#### Material supplied ####

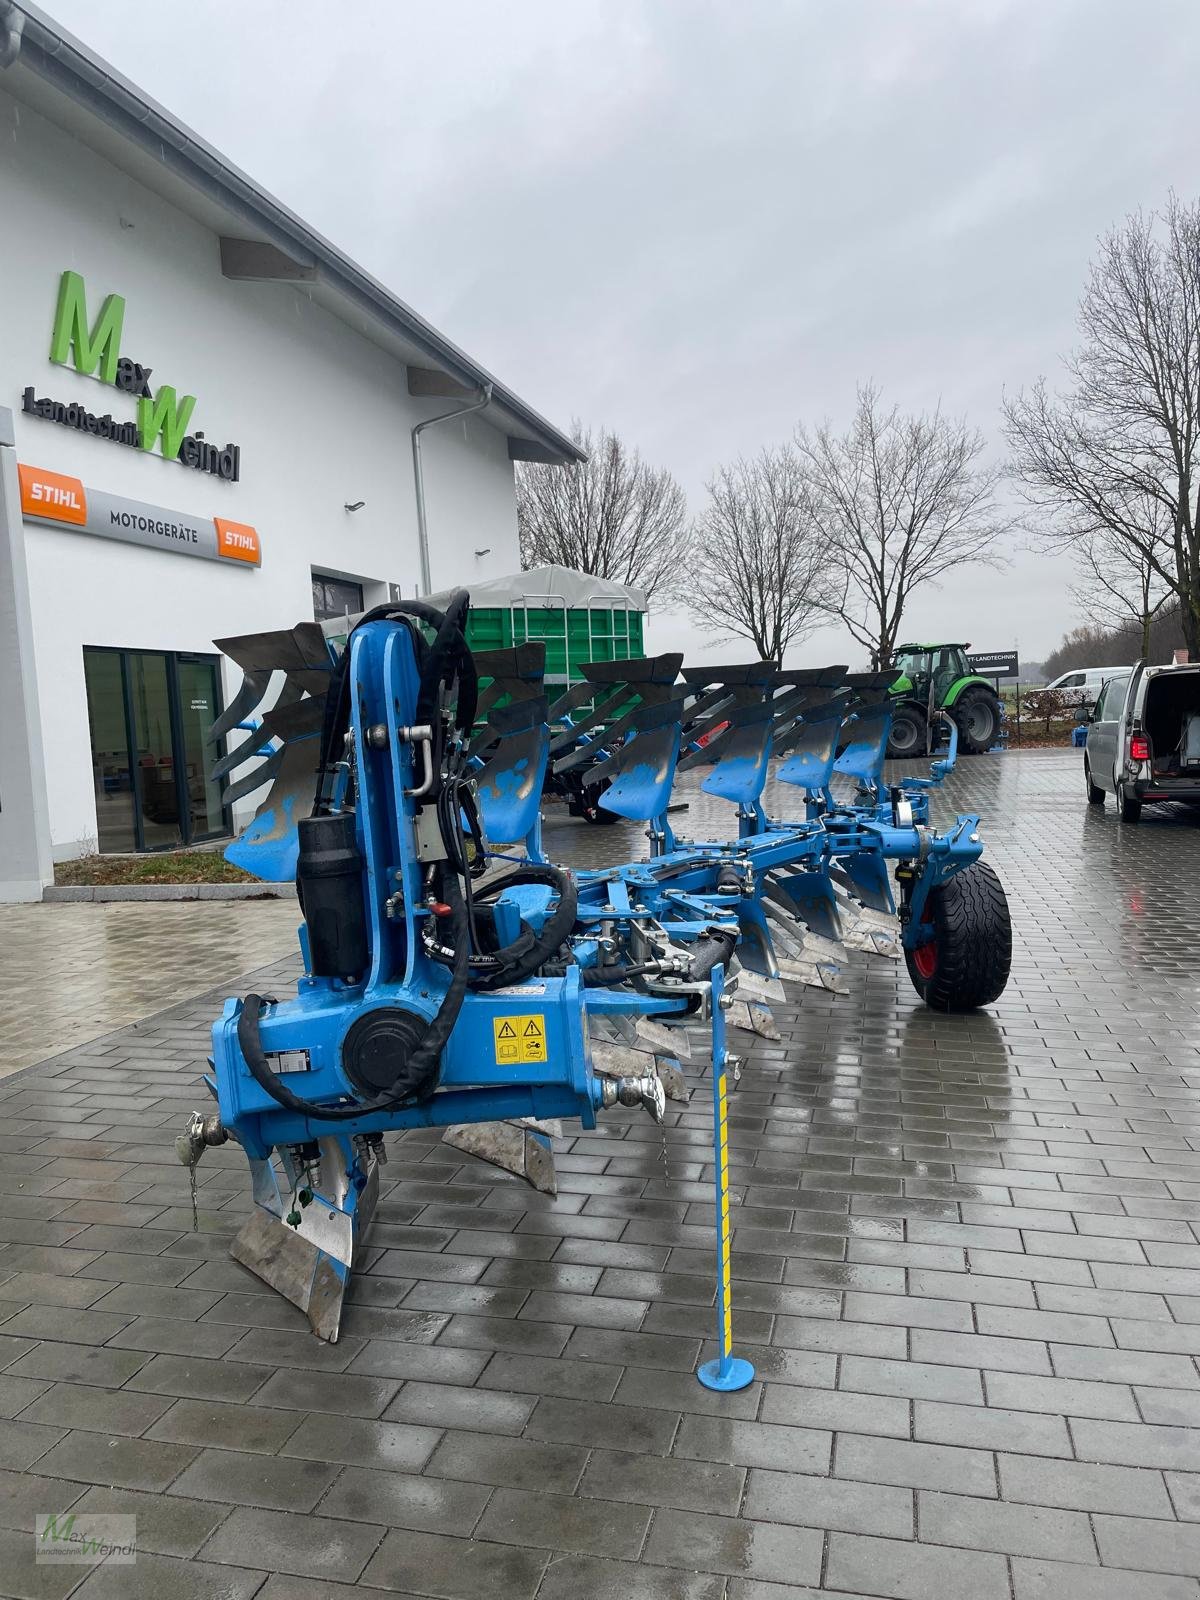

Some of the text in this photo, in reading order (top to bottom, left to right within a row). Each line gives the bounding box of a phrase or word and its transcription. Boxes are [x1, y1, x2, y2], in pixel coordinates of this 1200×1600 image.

[50, 270, 152, 398] Max
[137, 385, 240, 482] Weindl
[31, 482, 256, 551] STIHL MOTORGERÄTE STIHL
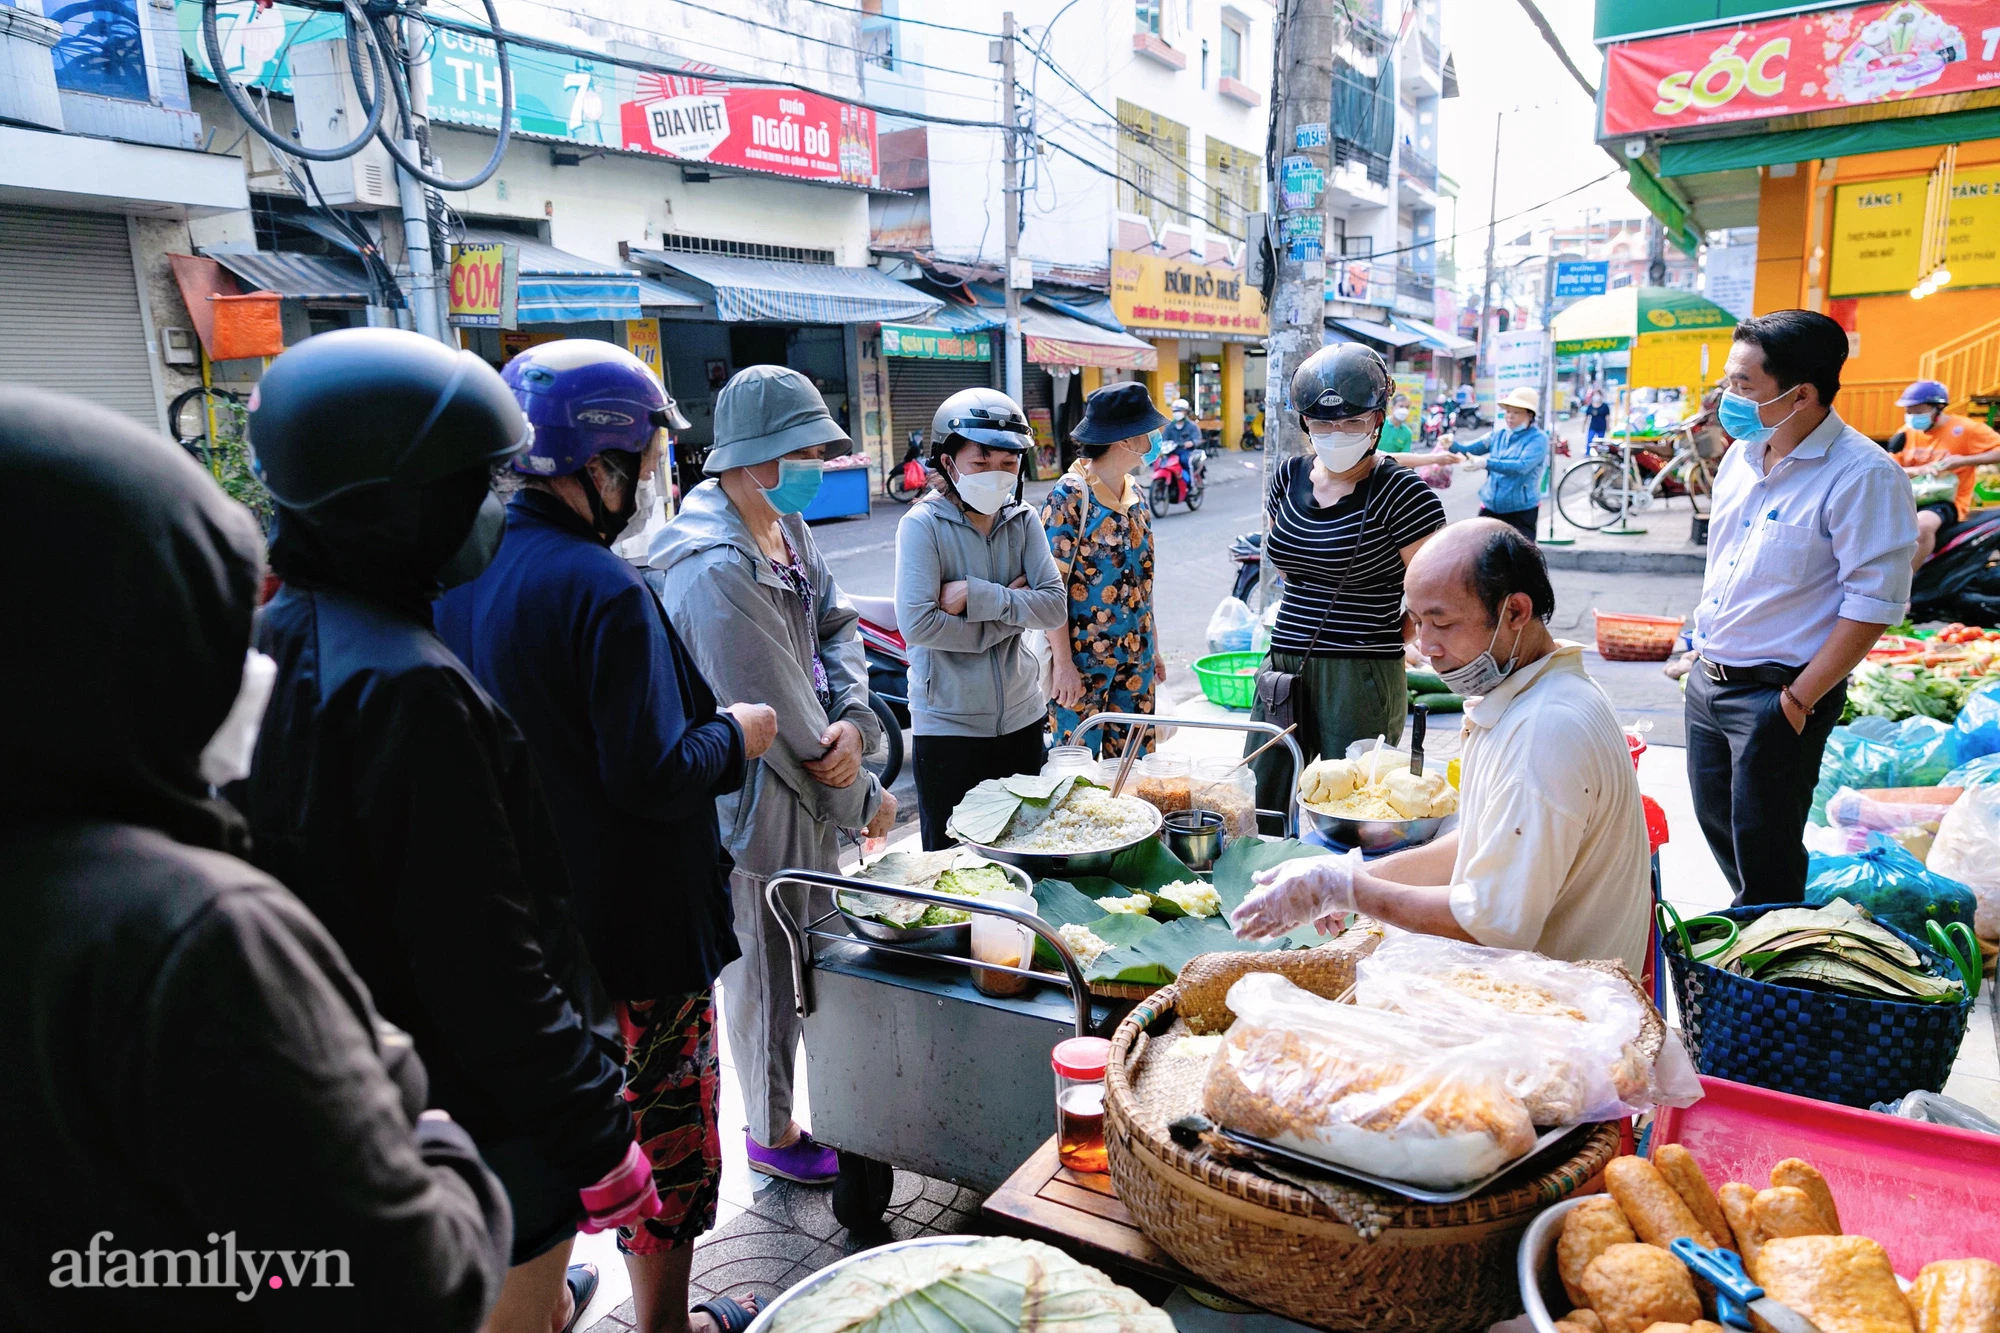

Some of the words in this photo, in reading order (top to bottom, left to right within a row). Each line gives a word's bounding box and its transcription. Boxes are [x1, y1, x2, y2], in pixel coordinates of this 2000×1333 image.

[651, 109, 687, 138] BIA
[684, 100, 722, 136] VIỆT
[752, 114, 801, 153] NGÓI
[803, 121, 831, 158] ĐỎ
[450, 254, 503, 309] CƠM
[1164, 266, 1191, 295] BÚN
[1194, 270, 1214, 298] BÒ
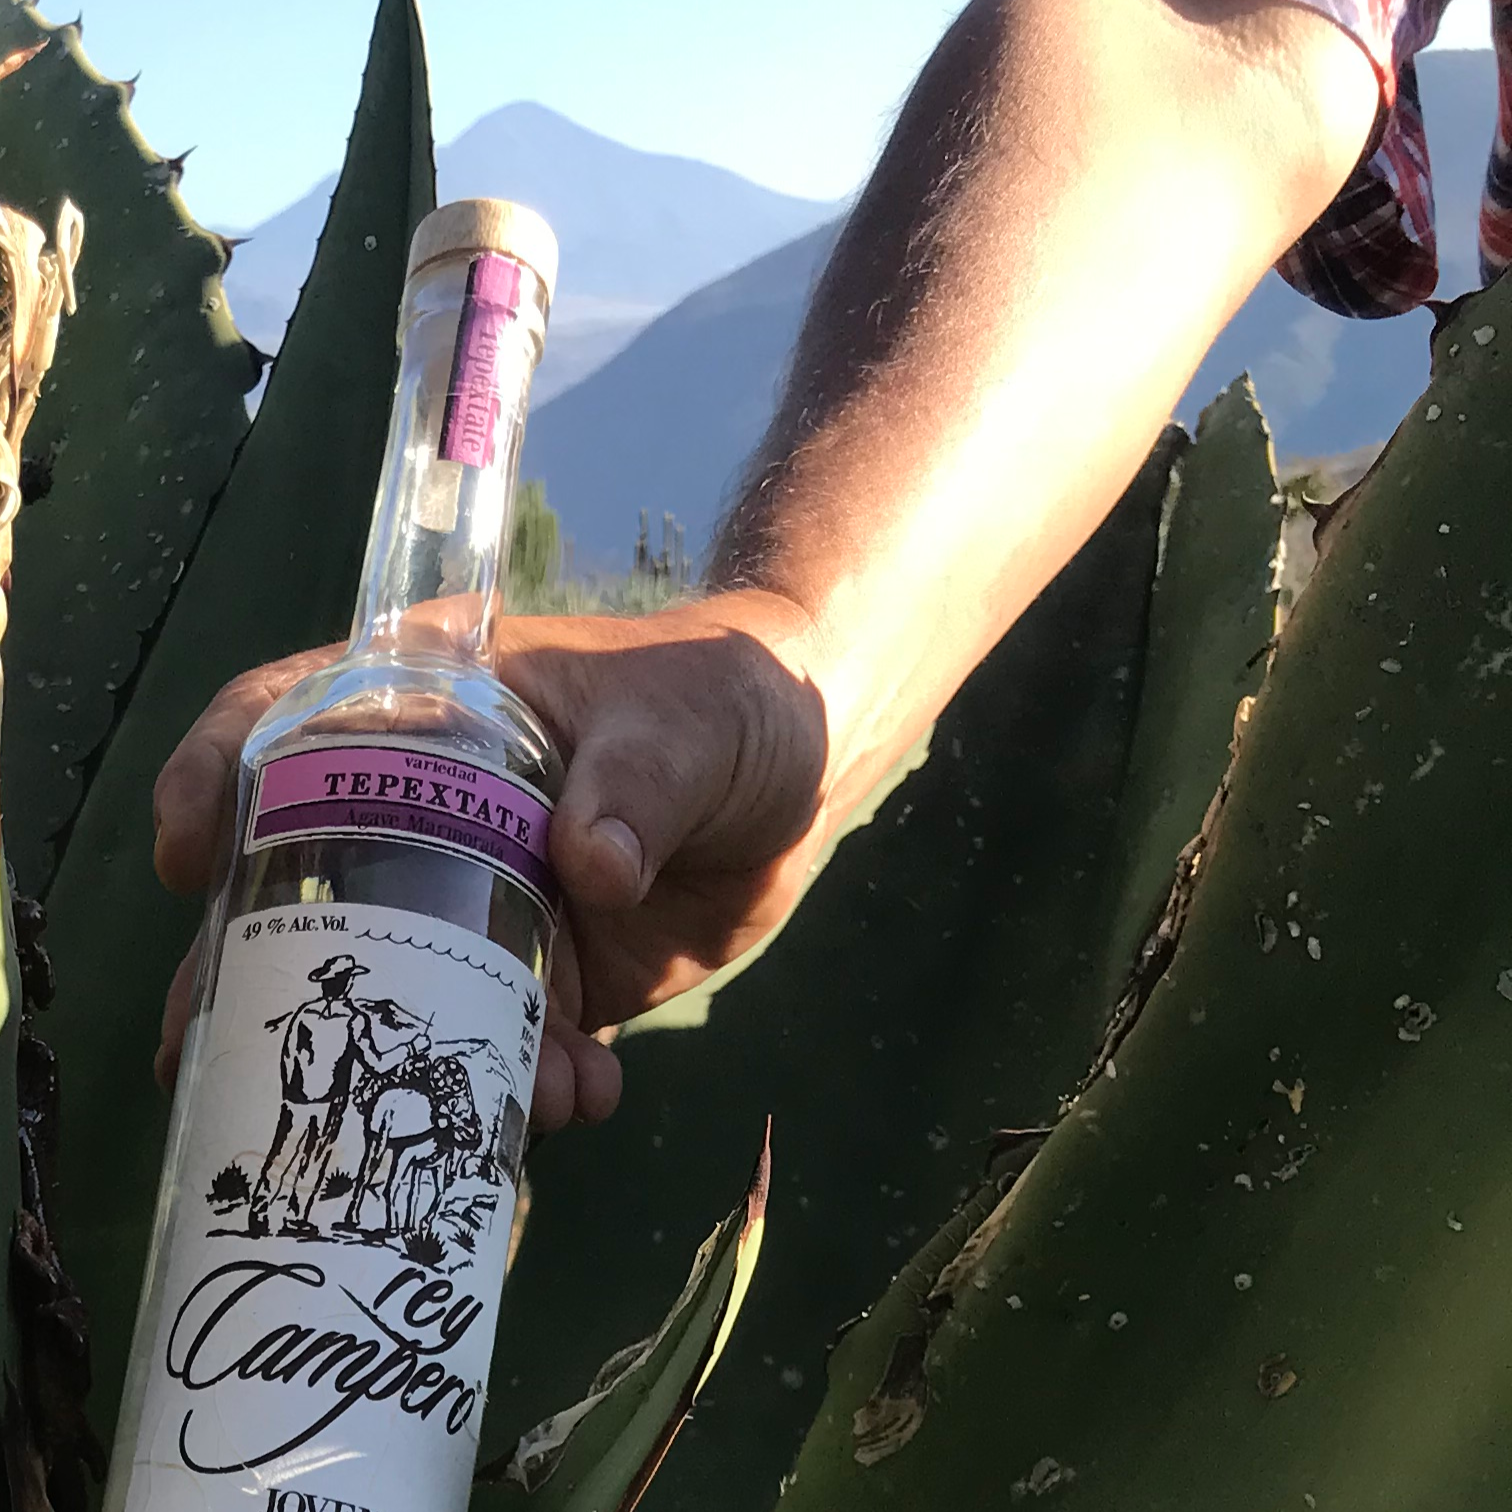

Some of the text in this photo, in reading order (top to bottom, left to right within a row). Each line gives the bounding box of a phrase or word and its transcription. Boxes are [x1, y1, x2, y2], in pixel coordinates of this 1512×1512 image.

####

Activity: Restate every entry above word for word; no picture belongs in the copy.

Response:
Some of the text in this photo, in reading order (top to bottom, left to right within a row). Each line gives the bounding box of a phrase or word and its transcription. Boxes are [x1, y1, x2, y2], in pixel coordinates of this 1200×1600 image.

[50, 270, 152, 398] Max
[137, 385, 240, 482] Weindl
[31, 482, 256, 551] STIHL MOTORGERÄTE STIHL

Some of the words in this photo, in reading order (top to bottom, left to right within a row). Each line gives a word's bounding box and its transcription. Boxes are [x1, y1, x2, y2], in pixel coordinates of this 2000×1333 image.

[651, 109, 687, 138] BIA
[684, 100, 722, 136] VIỆT
[752, 114, 801, 153] NGÓI
[803, 121, 831, 158] ĐỎ
[450, 254, 503, 309] CƠM
[1164, 266, 1191, 295] BÚN
[1194, 270, 1214, 298] BÒ

Some of the text in this photo, in reading order (top to bottom, left to right within a row). Each line gives the bounding box of a phrase or word and its transcription. Boxes are [x1, y1, x2, y2], in pixel coordinates of this 1512×1512 image.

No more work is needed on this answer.